Task to complete:
Write out the data below exactly as given, without any of its pictures.

Records provided: Begin

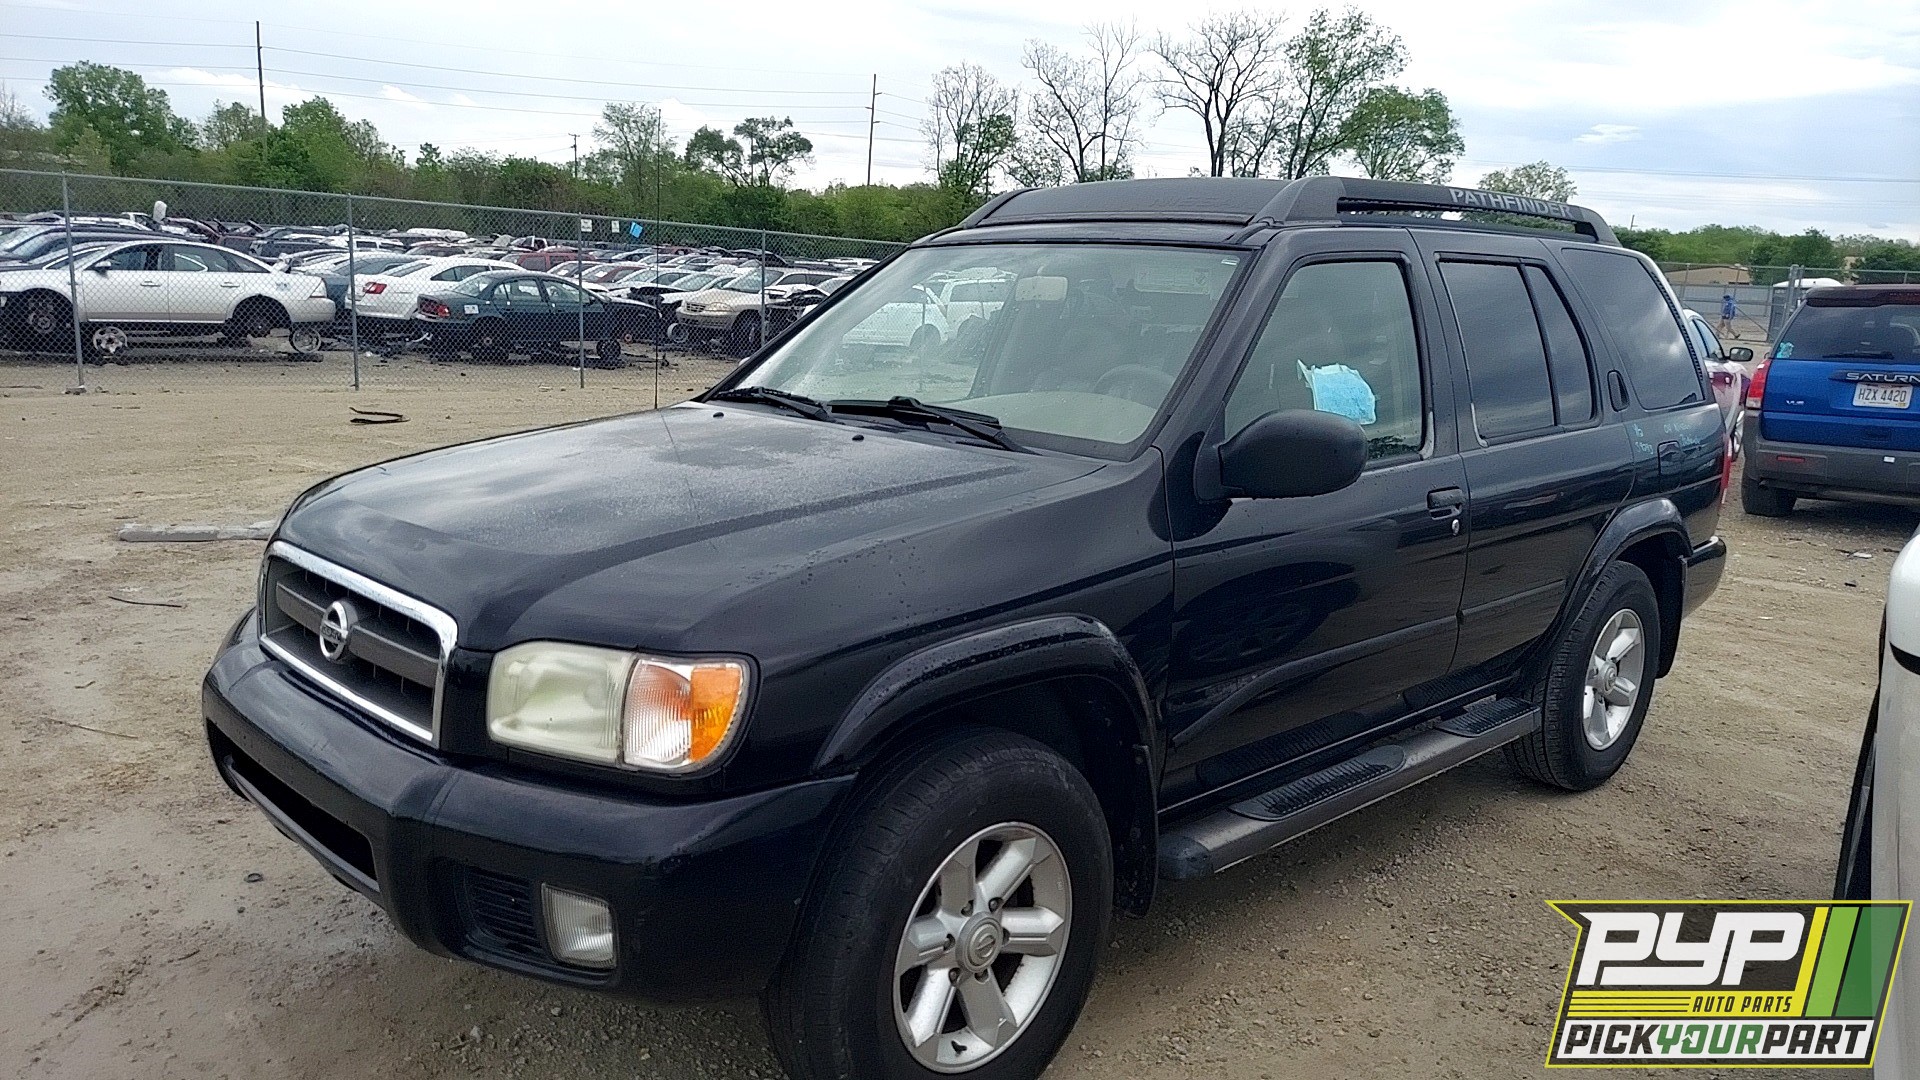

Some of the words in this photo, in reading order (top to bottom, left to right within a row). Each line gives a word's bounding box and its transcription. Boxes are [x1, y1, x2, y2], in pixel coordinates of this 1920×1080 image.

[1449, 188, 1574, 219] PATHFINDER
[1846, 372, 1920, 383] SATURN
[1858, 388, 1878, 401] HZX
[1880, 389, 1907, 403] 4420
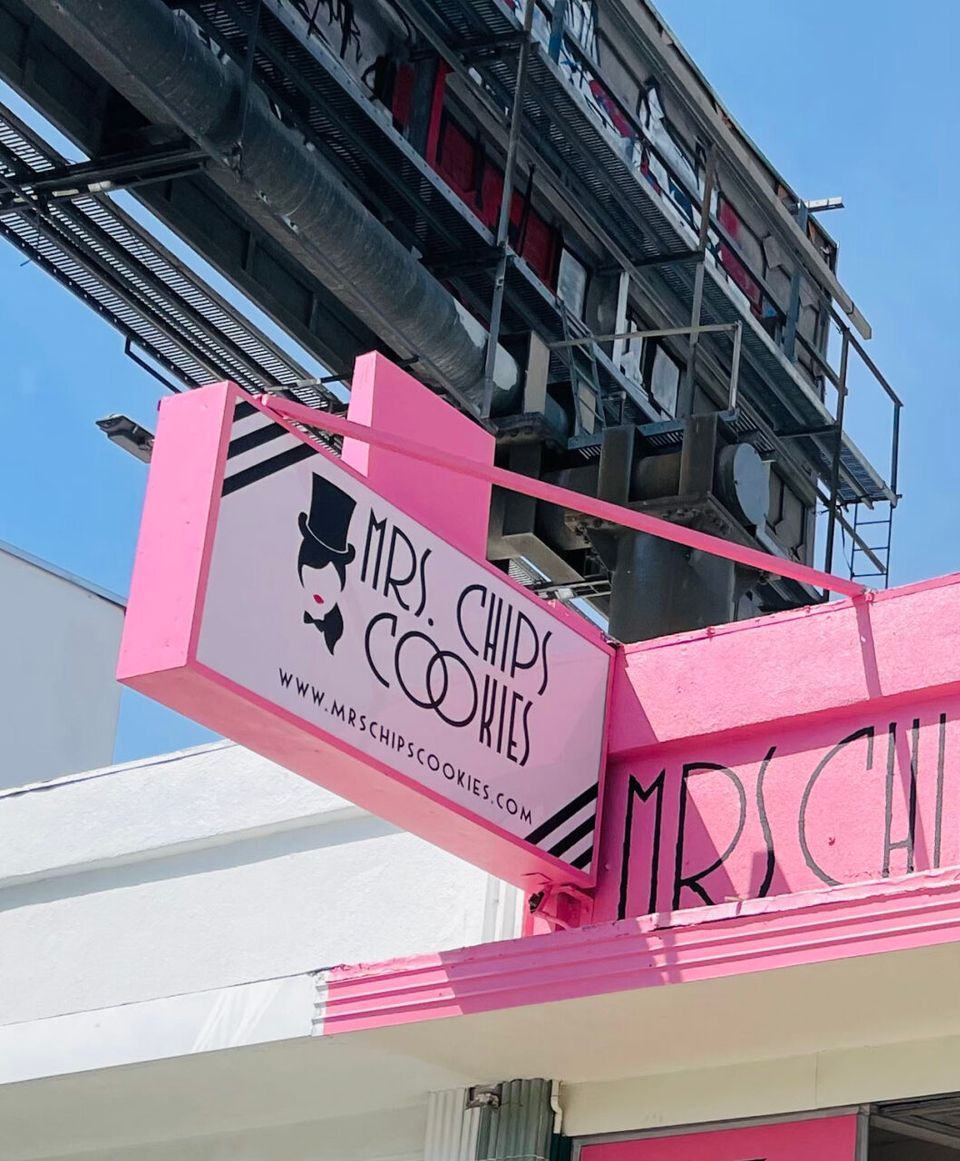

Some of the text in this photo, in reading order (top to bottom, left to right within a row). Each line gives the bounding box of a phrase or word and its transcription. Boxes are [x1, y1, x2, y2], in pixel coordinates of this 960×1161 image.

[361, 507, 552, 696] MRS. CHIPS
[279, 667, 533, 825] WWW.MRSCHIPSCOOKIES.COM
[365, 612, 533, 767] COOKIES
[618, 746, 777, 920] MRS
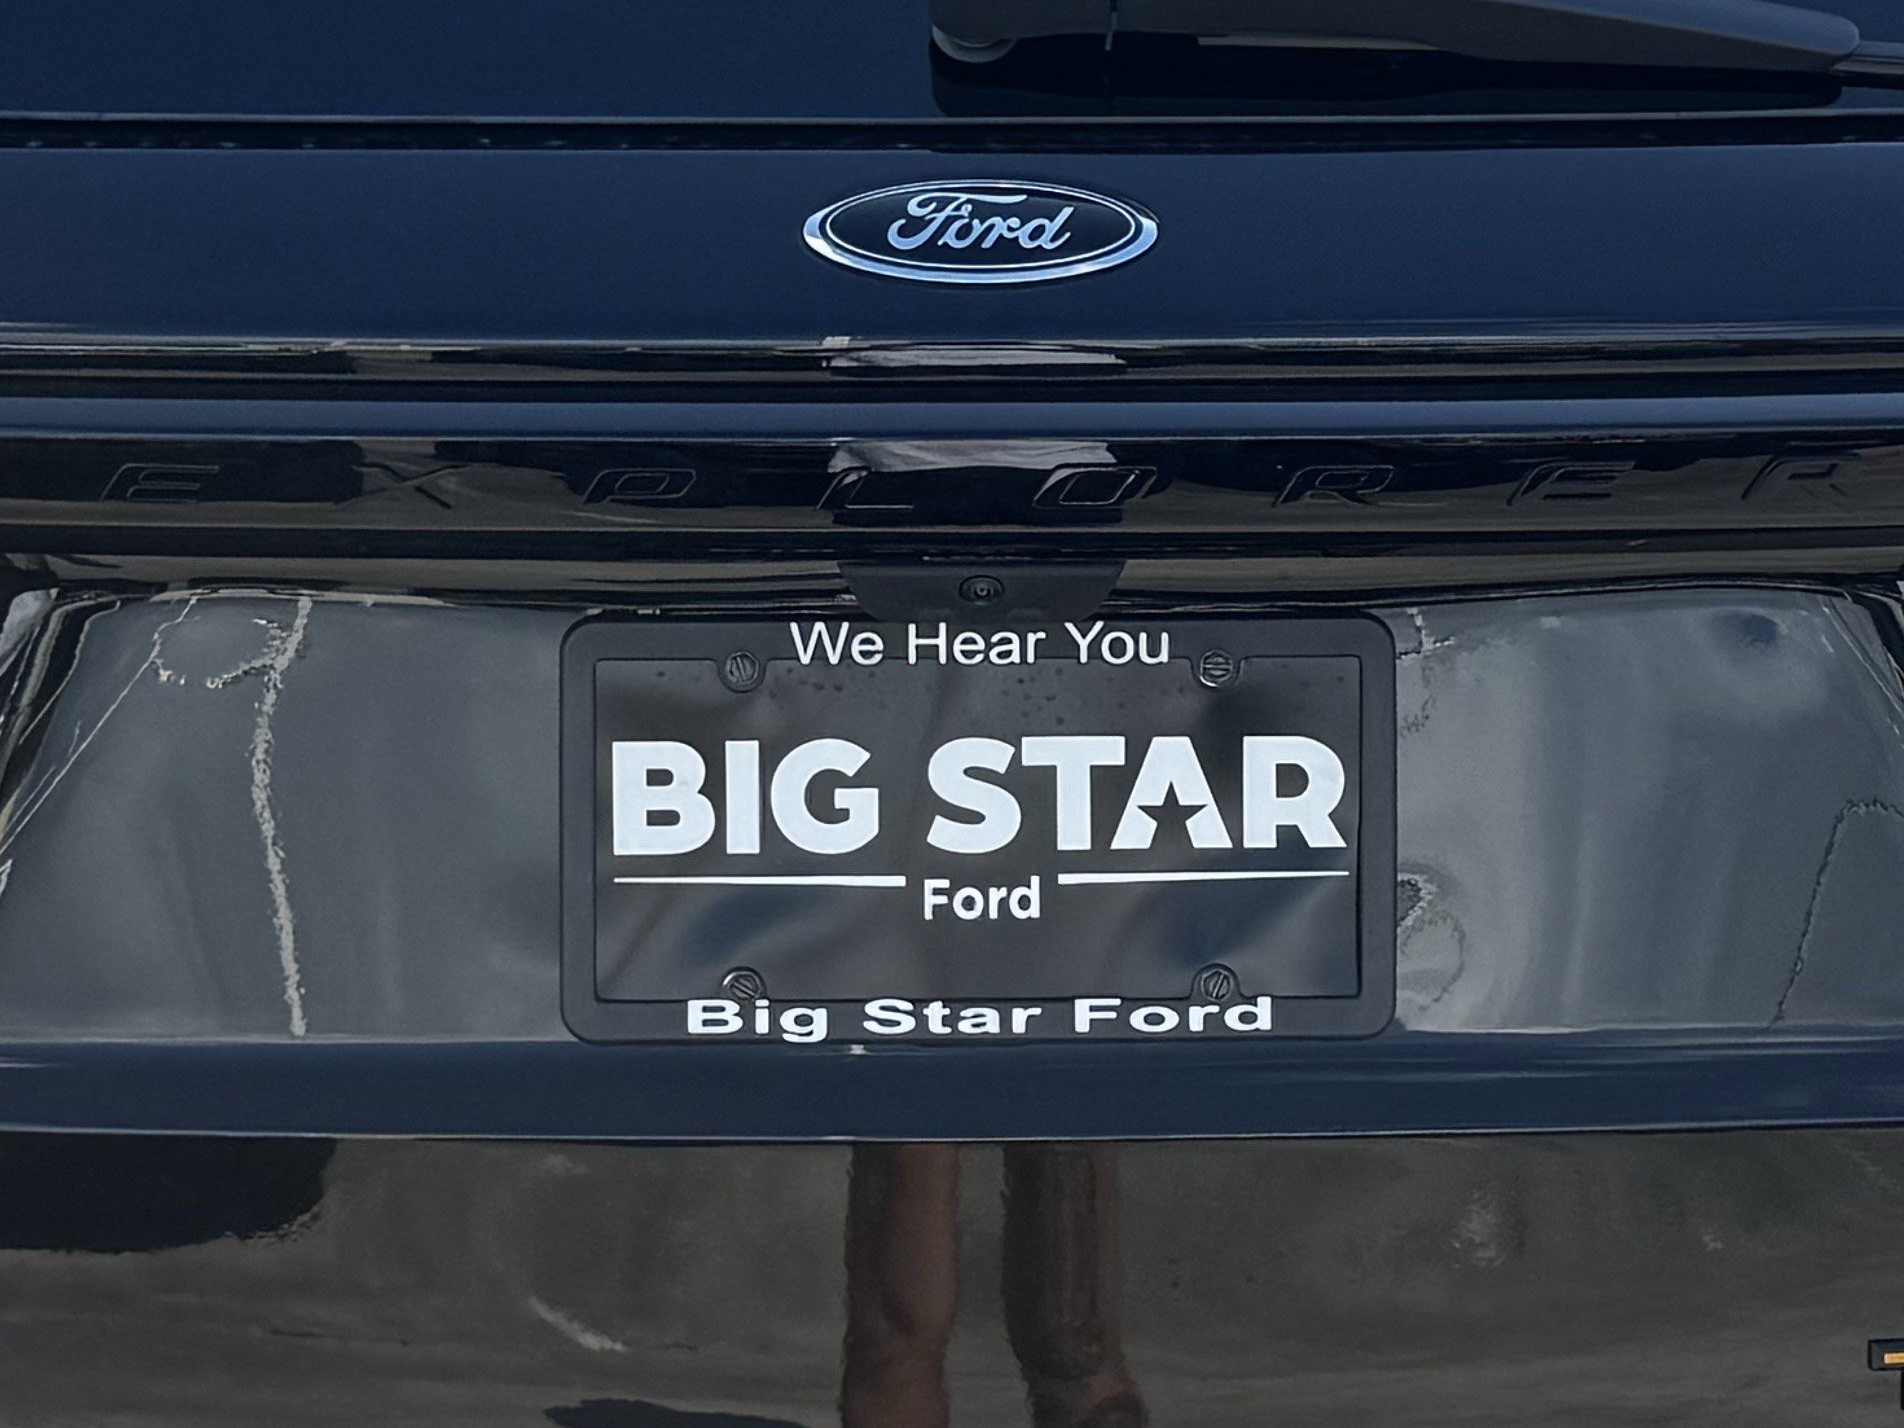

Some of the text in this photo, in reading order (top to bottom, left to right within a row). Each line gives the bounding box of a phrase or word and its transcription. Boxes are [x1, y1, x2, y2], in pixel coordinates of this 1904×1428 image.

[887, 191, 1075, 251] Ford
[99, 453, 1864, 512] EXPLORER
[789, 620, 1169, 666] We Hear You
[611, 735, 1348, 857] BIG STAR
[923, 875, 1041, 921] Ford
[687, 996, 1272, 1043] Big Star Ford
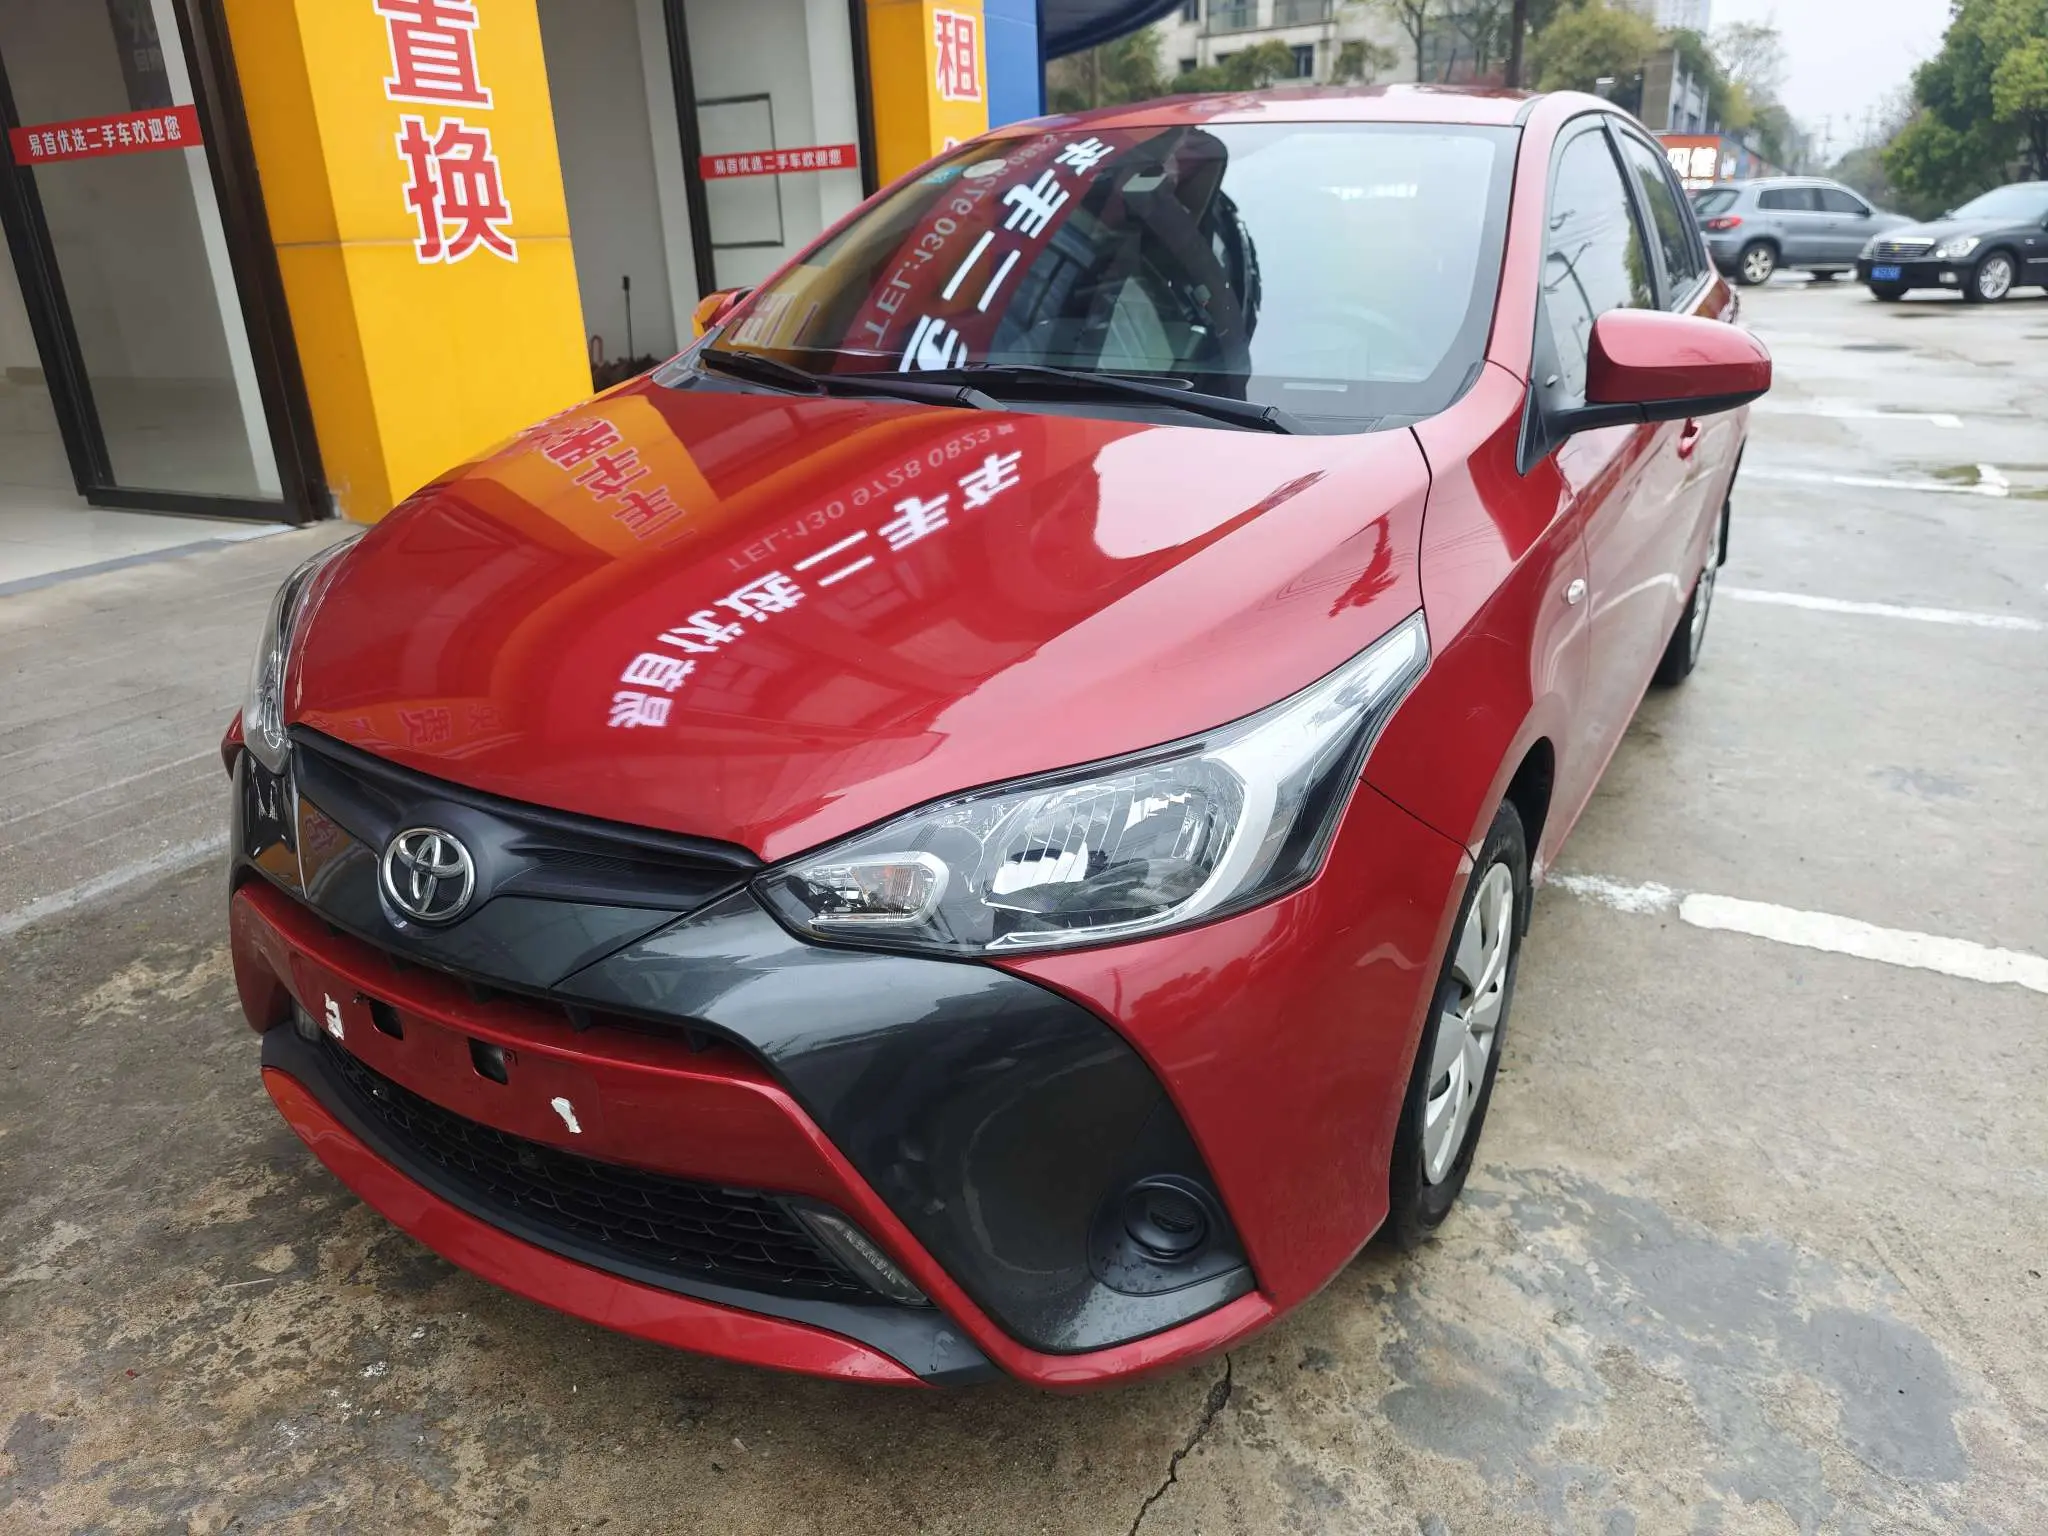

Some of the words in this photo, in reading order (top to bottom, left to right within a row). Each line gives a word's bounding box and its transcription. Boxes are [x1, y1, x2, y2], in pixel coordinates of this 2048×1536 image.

Records provided: End

Answer:
Some of the words in this photo, in reading order (top to bottom, left to right within a row). Each line gives a word's bounding box and its transcription. Boxes are [x1, y1, x2, y2], in pixel coordinates of this 1920×1080 image.

[1449, 188, 1574, 219] PATHFINDER
[1846, 372, 1920, 383] SATURN
[1858, 388, 1878, 401] HZX
[1880, 389, 1907, 403] 4420

Some of the text in this photo, in reading order (top to bottom, left to right within a row). Each line gives the bounding box of a phrase or word and its transcription. Boxes are [x1, y1, x2, y2], in pixel coordinates of this 960×1161 image.

[361, 507, 552, 696] MRS. CHIPS
[279, 667, 533, 825] WWW.MRSCHIPSCOOKIES.COM
[365, 612, 533, 767] COOKIES
[618, 746, 777, 920] MRS

Some of the text in this photo, in reading order (top to bottom, left to right within a row). Each line gives the bounding box of a phrase or word and its transcription. Boxes are [x1, y1, x2, y2], in pixel coordinates of this 1904×1428 image.

[887, 191, 1075, 251] Ford
[99, 453, 1864, 512] EXPLORER
[789, 620, 1169, 666] We Hear You
[611, 735, 1348, 857] BIG STAR
[923, 875, 1041, 921] Ford
[687, 996, 1272, 1043] Big Star Ford

Some of the words in this photo, in reading order (top to bottom, left to right within a row). Each line gives a word's bounding box and its transcription. Boxes are [x1, y1, x2, y2], in pixel coordinates of this 2048×1536 image.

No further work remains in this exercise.